Welcome to the club. More than likely you have vapor lock and or fuel boiling due to the fuel in todays market boils at a much lower point. My fuel line was so hot your could not even touch it for more than a second. Here's what I have found at this point and the thing I have done.
1. Rebuild the carburetor (helped lower the temp of the fuel line but did not totally fix the problem), Purchased the carb kit from Mikes carburetor. Watch his video's on line.
2. Check the radiator for proper operation. I found mine was circulating but had a lot of blocked tubes due to age. replace the radiator more consistent operating temperature.
3. I installed a phenolic riser insulator raising the carburetor 3/8 of an inch. They also come in 1/2 depending on your clearance. (purchased on Ebay)

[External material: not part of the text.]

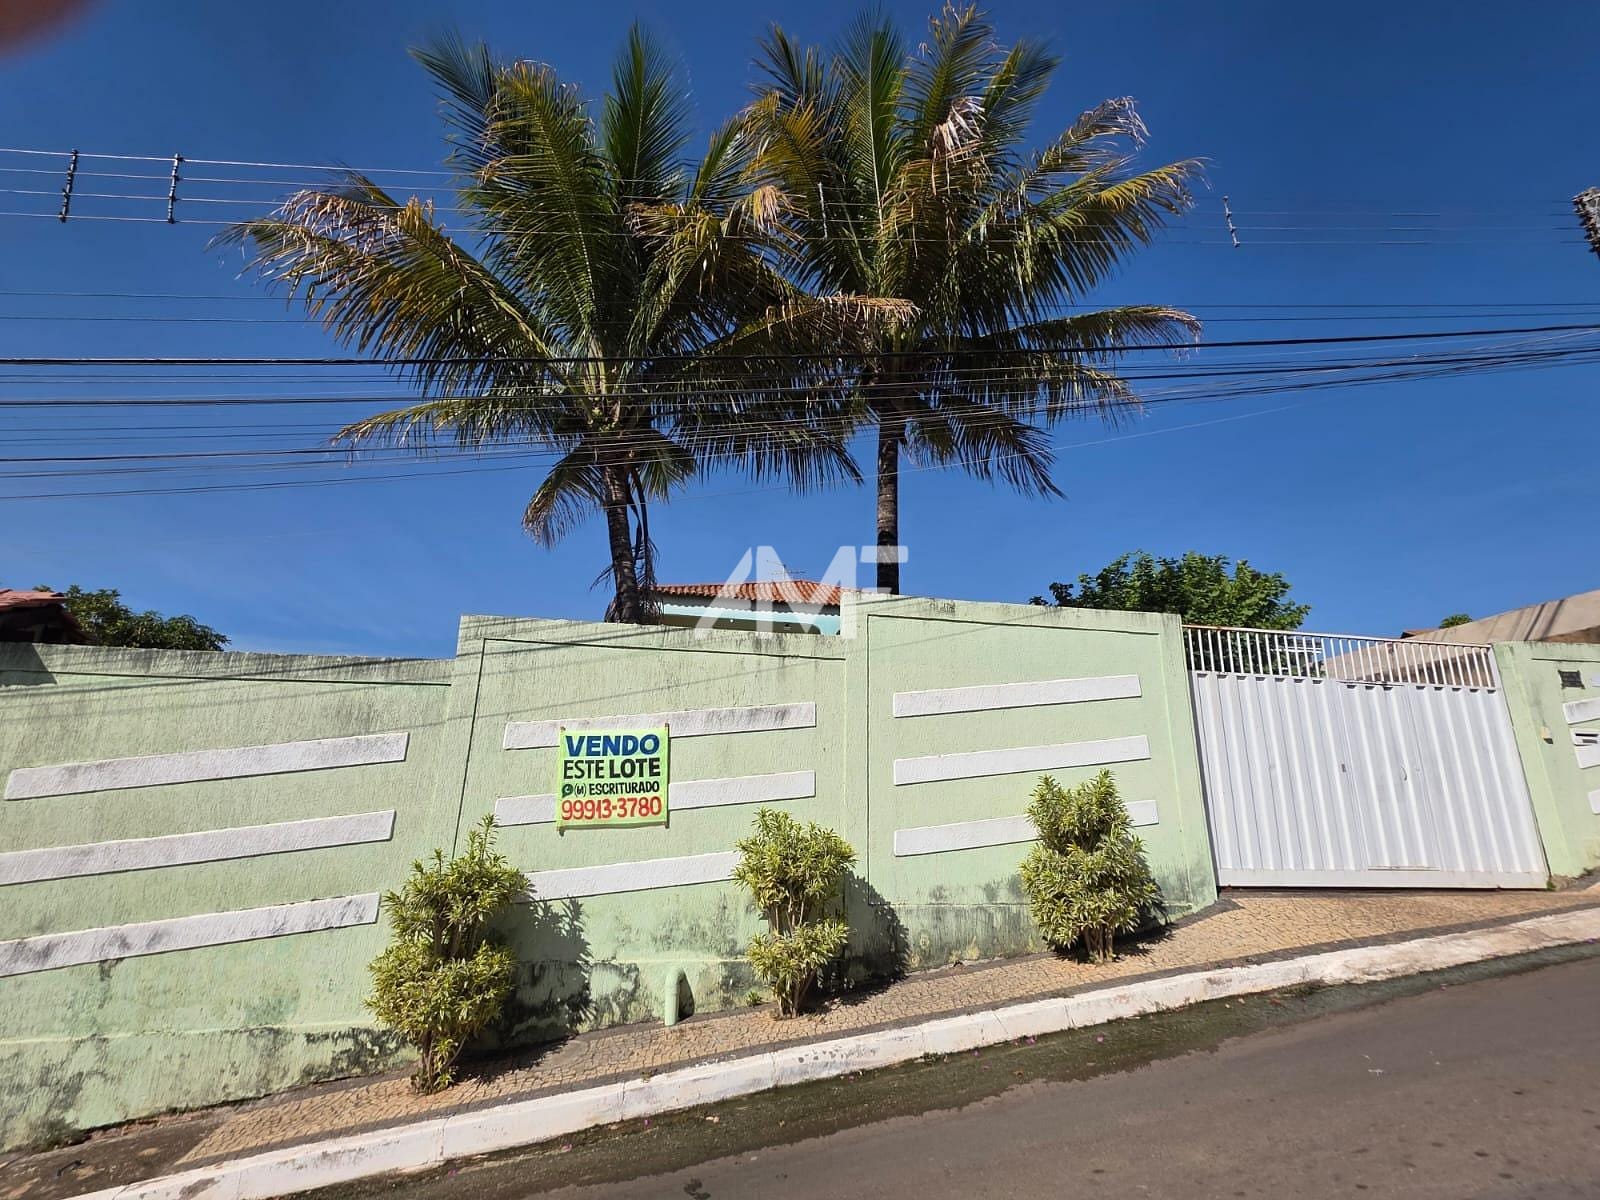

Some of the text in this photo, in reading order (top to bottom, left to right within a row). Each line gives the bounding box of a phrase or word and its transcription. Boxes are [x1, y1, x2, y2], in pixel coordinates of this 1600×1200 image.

All three of these really helped but still not a 100 % fix. So after searching all over the internet and speaking with life long Ford mechanics I ran across you tube videos on vapor lock. I found that in the 60's and the 70's that Ford, Dodge, Plymouth and other used a vapor separator in the fuel line just after the mechanical fuel pump. This returns the access fuel and vapor to the fuel tank allowing a Constance flow of fuel preventing over heating of the fuel. These cars came with a return line to the fuel tank from the factory. This is the same as today with fuel injection has return lines to the fuel tank. This all made since to me so I saw a video of a guy drilling a hole in the sending unit and JB welding it in (not sure I wanted to do that) fixed his problem 100%. So I went on the hunt and found the WIX 33041 vapor separator. I also found out the Ford used three different ones. They had .04, .06, and .08 orifices. The Wix 33041 has a .06 orifice in it and was used on 70 chevys. I also read about electric fuel pumps electric fans but this made the more since to me. I found on EBAY a fuel sending unit for 64 - 68 Mustangs with a 1/4 inch return line built in with a check ball only allowing fuel and vapor to return to the tank sold by MCM products. They also sell them on Summit racing but are twice the price. I also ordered 1/4 aluminum fuel line from Speedway racing parts and the filter from O'reilly auto parts.

Fuel sending unit 39.50
Vapor Separator 8.00
Fuel line 15.00
I will be installing this this coming Tuesday when my buddy's lift is free. I have 100% confidence this will be the cure!!
Will update soon!!

"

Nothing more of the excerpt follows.